### [Task goal]
Everything from the line containing "this 2576×1449 image." to the end of the records should be reproduced exactly, and nothing before it.

┌─ Recorded information

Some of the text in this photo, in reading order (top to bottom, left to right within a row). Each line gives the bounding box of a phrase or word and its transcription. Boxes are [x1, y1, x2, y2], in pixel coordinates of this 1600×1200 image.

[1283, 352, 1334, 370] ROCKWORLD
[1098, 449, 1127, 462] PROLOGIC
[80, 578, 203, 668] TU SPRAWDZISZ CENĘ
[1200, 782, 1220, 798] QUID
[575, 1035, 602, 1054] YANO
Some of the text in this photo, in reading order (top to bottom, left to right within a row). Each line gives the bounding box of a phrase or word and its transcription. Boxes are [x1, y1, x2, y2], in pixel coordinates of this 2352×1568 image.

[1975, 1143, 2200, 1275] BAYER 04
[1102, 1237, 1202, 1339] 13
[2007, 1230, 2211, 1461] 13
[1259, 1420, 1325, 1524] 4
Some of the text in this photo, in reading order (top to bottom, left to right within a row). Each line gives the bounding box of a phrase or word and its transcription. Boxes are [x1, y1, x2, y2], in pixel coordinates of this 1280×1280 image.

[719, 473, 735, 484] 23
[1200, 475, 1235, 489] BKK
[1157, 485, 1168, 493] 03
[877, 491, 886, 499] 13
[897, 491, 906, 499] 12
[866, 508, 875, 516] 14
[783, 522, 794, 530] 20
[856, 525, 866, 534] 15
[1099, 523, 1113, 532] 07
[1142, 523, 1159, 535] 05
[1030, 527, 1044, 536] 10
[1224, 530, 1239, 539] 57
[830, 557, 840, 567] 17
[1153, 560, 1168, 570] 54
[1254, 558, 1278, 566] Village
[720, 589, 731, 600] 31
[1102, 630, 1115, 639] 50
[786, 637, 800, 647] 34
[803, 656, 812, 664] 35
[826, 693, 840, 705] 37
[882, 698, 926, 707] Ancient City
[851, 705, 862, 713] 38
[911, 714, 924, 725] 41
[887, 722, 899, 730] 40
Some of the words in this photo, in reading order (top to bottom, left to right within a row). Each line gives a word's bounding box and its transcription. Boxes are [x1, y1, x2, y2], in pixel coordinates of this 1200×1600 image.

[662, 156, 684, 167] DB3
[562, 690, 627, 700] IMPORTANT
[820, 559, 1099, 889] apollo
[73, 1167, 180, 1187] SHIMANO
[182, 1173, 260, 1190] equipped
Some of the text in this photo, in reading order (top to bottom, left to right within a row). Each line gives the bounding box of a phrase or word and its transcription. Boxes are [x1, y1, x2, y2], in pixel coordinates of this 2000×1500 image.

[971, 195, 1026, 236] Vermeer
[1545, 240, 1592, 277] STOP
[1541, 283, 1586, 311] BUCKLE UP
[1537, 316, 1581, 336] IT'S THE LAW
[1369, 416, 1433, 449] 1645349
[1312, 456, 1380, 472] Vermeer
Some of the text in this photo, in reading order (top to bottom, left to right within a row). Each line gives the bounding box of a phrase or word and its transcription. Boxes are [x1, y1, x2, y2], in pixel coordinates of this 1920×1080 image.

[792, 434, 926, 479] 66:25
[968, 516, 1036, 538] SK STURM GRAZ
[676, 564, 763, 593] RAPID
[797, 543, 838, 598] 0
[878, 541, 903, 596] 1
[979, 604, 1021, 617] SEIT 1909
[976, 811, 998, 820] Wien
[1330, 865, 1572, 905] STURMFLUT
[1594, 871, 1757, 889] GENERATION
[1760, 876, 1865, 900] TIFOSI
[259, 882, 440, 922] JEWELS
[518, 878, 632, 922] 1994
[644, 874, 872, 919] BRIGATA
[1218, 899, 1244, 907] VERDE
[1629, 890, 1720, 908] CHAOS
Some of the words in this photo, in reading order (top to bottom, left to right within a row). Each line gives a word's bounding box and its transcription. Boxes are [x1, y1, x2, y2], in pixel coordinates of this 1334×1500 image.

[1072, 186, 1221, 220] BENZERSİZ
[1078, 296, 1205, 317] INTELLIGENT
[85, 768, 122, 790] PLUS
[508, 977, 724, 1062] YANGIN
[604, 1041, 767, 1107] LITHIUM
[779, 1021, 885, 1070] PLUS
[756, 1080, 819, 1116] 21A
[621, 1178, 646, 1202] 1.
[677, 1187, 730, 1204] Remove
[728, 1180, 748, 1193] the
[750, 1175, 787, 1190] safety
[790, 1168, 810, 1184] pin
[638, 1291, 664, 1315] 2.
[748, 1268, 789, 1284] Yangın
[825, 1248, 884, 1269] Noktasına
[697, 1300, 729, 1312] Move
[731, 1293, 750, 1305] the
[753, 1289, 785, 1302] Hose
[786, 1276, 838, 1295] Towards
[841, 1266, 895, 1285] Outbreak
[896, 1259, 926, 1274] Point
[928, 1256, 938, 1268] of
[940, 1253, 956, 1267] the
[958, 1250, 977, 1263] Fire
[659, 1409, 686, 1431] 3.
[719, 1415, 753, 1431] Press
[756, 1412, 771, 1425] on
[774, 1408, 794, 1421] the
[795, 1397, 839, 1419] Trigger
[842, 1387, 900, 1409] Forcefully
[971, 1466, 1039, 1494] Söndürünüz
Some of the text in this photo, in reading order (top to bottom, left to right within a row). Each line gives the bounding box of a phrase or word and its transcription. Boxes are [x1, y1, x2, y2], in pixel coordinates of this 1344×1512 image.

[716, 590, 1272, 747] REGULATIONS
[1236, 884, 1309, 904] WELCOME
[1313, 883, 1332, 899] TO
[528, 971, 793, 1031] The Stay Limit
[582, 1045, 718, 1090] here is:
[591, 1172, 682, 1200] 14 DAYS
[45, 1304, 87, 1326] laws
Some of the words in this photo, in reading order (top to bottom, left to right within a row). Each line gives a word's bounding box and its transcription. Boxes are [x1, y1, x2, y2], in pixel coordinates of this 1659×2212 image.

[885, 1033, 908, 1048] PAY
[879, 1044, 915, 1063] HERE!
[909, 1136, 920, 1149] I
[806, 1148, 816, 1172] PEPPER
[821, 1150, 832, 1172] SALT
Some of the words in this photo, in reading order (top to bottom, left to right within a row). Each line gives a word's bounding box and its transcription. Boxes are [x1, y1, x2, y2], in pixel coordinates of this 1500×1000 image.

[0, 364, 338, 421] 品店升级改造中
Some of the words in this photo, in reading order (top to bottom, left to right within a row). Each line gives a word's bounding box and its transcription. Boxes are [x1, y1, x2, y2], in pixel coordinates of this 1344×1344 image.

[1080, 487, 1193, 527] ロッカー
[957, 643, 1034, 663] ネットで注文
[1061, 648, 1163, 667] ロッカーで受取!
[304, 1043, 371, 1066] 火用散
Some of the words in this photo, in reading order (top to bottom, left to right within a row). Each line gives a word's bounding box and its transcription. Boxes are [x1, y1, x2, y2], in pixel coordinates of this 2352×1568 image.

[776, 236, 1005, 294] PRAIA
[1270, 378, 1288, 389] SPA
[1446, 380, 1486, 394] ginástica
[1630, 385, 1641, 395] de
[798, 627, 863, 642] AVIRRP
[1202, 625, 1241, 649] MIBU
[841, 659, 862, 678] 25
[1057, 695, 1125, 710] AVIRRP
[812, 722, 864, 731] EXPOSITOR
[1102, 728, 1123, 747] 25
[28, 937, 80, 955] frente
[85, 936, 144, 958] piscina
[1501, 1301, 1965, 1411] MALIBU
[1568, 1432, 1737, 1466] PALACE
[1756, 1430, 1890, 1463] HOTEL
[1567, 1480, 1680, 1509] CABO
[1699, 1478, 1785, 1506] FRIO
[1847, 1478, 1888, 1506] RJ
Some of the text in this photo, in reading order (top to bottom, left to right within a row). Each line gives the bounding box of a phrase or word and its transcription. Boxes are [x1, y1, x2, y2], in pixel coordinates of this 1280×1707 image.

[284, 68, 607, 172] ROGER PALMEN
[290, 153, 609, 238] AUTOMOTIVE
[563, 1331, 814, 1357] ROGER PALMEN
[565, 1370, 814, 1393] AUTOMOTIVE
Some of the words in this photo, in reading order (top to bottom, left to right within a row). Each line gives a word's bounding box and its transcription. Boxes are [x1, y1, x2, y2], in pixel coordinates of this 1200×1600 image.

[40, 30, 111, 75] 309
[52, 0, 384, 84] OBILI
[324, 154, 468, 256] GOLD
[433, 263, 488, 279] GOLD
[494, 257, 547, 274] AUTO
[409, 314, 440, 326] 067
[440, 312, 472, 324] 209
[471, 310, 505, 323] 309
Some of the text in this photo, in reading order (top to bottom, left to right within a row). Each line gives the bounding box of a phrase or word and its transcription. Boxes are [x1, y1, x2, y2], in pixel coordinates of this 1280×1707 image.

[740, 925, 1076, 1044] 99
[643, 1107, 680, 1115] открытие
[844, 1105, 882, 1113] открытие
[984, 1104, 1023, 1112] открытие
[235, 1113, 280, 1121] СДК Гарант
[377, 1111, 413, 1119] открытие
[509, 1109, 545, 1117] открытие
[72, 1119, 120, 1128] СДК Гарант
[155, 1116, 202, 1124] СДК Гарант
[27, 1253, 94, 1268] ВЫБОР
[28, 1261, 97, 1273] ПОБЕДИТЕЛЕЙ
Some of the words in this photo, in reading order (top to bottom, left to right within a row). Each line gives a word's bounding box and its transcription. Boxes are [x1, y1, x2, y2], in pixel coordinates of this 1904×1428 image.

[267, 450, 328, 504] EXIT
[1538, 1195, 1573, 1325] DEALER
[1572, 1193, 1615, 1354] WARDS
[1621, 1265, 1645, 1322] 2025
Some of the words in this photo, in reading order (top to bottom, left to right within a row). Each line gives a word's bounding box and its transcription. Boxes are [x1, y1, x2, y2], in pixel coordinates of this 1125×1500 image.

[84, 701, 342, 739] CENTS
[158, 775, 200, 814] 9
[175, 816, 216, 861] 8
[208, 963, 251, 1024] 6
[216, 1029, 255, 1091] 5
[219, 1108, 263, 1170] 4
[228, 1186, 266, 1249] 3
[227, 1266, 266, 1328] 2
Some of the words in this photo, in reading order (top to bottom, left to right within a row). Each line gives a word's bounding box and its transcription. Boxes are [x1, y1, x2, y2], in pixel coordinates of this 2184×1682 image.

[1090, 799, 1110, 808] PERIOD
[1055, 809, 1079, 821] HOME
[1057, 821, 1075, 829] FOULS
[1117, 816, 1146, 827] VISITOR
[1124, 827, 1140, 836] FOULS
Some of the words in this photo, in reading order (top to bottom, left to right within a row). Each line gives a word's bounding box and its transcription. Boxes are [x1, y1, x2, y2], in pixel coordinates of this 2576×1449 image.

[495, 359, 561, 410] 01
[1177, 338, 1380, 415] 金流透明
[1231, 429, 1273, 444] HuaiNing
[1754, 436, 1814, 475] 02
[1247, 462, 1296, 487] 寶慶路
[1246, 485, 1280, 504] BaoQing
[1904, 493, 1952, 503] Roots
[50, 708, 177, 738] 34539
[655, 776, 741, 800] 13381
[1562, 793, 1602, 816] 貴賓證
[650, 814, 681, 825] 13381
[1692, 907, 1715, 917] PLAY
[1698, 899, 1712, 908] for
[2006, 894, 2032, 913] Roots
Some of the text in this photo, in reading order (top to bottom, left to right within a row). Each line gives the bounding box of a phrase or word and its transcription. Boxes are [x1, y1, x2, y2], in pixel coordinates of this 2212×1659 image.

└─

### [Reply to the task]
Some of the words in this photo, in reading order (top to bottom, left to right within a row). Each line gives a word's bounding box and its transcription. Boxes are [x1, y1, x2, y2], in pixel coordinates of this 2576×1449 image.

[495, 359, 561, 410] 01
[1177, 338, 1380, 415] 金流透明
[1231, 429, 1273, 444] HuaiNing
[1754, 436, 1814, 475] 02
[1247, 462, 1296, 487] 寶慶路
[1246, 485, 1280, 504] BaoQing
[1904, 493, 1952, 503] Roots
[50, 708, 177, 738] 34539
[655, 776, 741, 800] 13381
[1562, 793, 1602, 816] 貴賓證
[650, 814, 681, 825] 13381
[1692, 907, 1715, 917] PLAY
[1698, 899, 1712, 908] for
[2006, 894, 2032, 913] Roots
Some of the text in this photo, in reading order (top to bottom, left to right within a row). Each line gives the bounding box of a phrase or word and its transcription. Boxes are [x1, y1, x2, y2], in pixel coordinates of this 2212×1659 image.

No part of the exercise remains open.